Task details ▸ Leaving the images out, output each entry below exactly.

Data extract ▸
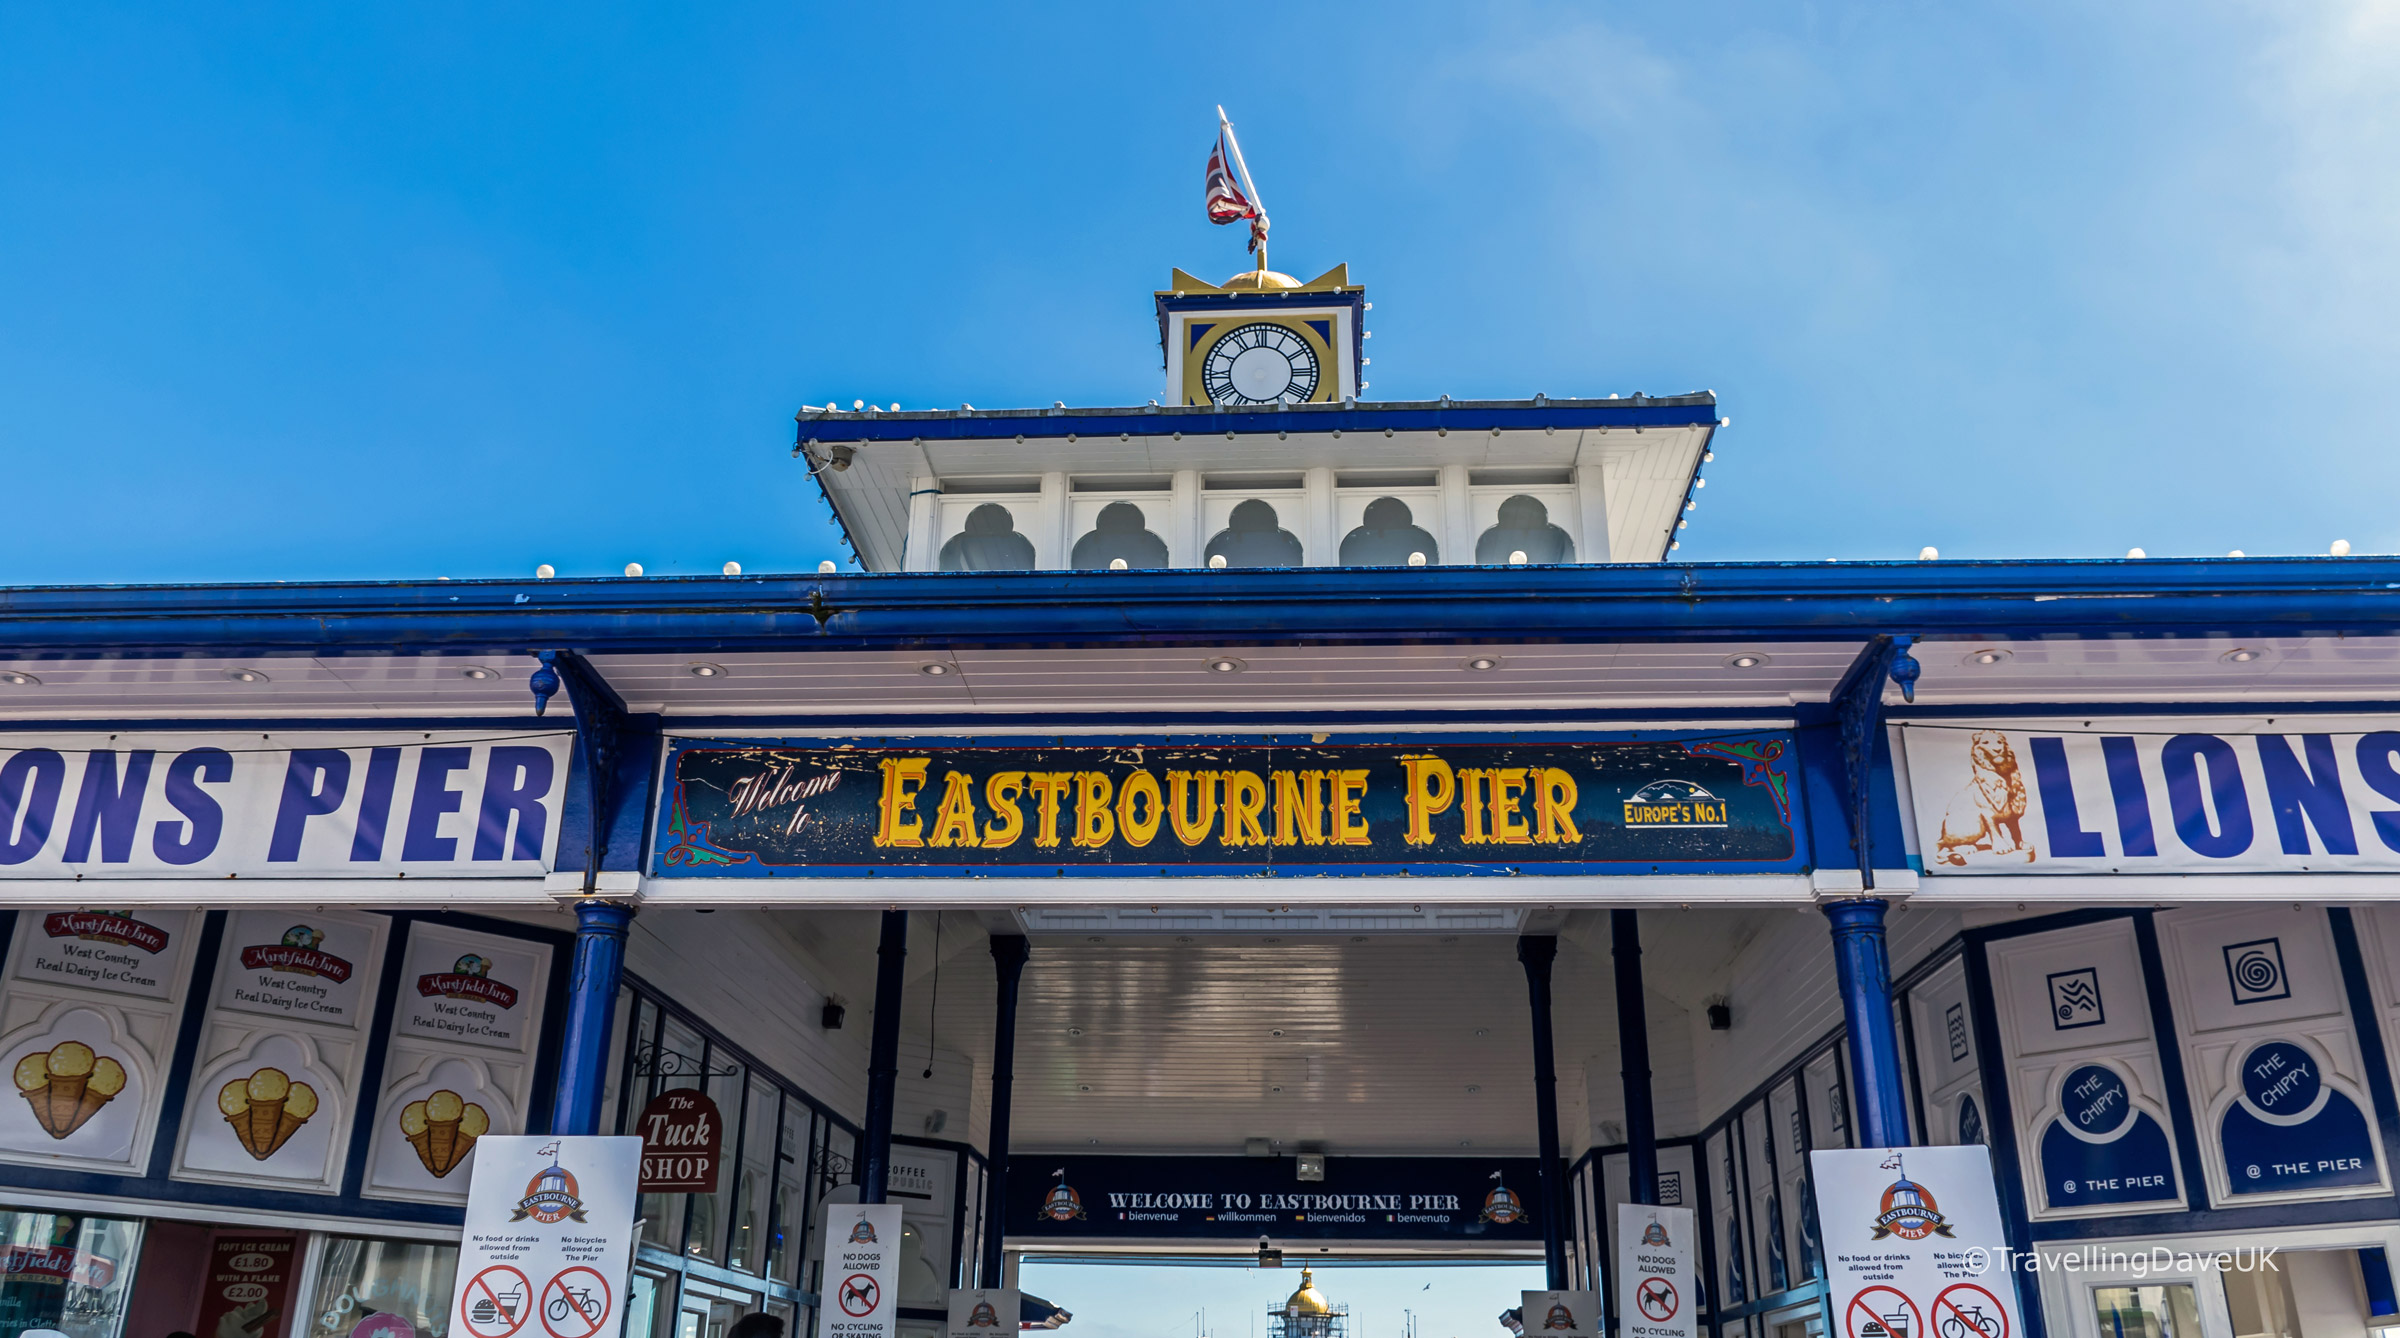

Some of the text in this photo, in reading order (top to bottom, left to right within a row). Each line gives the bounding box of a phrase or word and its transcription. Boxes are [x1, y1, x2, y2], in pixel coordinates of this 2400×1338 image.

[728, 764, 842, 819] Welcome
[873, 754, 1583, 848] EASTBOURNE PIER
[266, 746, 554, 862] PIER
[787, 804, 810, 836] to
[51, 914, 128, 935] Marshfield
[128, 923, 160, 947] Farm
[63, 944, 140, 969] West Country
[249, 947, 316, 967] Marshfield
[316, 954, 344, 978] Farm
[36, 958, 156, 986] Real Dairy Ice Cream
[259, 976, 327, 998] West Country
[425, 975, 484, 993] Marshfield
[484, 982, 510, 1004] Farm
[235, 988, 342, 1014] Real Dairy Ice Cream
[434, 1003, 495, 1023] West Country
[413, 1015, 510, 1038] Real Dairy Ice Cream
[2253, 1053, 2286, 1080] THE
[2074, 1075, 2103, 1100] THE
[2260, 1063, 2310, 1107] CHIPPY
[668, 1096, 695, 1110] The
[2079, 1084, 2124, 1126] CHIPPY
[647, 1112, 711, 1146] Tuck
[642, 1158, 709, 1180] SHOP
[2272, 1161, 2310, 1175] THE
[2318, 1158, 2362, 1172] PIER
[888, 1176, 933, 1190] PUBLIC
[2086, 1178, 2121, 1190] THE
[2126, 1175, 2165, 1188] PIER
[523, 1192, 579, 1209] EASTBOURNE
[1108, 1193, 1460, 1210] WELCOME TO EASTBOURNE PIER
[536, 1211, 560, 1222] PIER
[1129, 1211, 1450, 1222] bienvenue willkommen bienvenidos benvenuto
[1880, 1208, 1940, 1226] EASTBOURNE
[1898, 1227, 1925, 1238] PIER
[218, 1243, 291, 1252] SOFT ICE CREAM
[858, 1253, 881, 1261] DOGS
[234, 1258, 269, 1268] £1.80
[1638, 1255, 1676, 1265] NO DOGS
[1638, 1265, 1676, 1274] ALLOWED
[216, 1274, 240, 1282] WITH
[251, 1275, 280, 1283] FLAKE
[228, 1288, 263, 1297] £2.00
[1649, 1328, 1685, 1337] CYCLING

Response to the exercise ▸
Some of the text in this photo, in reading order (top to bottom, left to right within a row). Each line gives the bounding box of a phrase or word and its transcription. Boxes are [x1, y1, x2, y2], in pixel coordinates of this 2400×1338 image.

[728, 764, 842, 819] Welcome
[873, 754, 1583, 848] EASTBOURNE PIER
[266, 746, 554, 862] PIER
[787, 804, 810, 836] to
[51, 914, 128, 935] Marshfield
[128, 923, 160, 947] Farm
[63, 944, 140, 969] West Country
[249, 947, 316, 967] Marshfield
[316, 954, 344, 978] Farm
[36, 958, 156, 986] Real Dairy Ice Cream
[259, 976, 327, 998] West Country
[425, 975, 484, 993] Marshfield
[484, 982, 510, 1004] Farm
[235, 988, 342, 1014] Real Dairy Ice Cream
[434, 1003, 495, 1023] West Country
[413, 1015, 510, 1038] Real Dairy Ice Cream
[2253, 1053, 2286, 1080] THE
[2074, 1075, 2103, 1100] THE
[2260, 1063, 2310, 1107] CHIPPY
[668, 1096, 695, 1110] The
[2079, 1084, 2124, 1126] CHIPPY
[647, 1112, 711, 1146] Tuck
[642, 1158, 709, 1180] SHOP
[2272, 1161, 2310, 1175] THE
[2318, 1158, 2362, 1172] PIER
[888, 1176, 933, 1190] PUBLIC
[2086, 1178, 2121, 1190] THE
[2126, 1175, 2165, 1188] PIER
[523, 1192, 579, 1209] EASTBOURNE
[1108, 1193, 1460, 1210] WELCOME TO EASTBOURNE PIER
[536, 1211, 560, 1222] PIER
[1129, 1211, 1450, 1222] bienvenue willkommen bienvenidos benvenuto
[1880, 1208, 1940, 1226] EASTBOURNE
[1898, 1227, 1925, 1238] PIER
[218, 1243, 291, 1252] SOFT ICE CREAM
[858, 1253, 881, 1261] DOGS
[234, 1258, 269, 1268] £1.80
[1638, 1255, 1676, 1265] NO DOGS
[1638, 1265, 1676, 1274] ALLOWED
[216, 1274, 240, 1282] WITH
[251, 1275, 280, 1283] FLAKE
[228, 1288, 263, 1297] £2.00
[1649, 1328, 1685, 1337] CYCLING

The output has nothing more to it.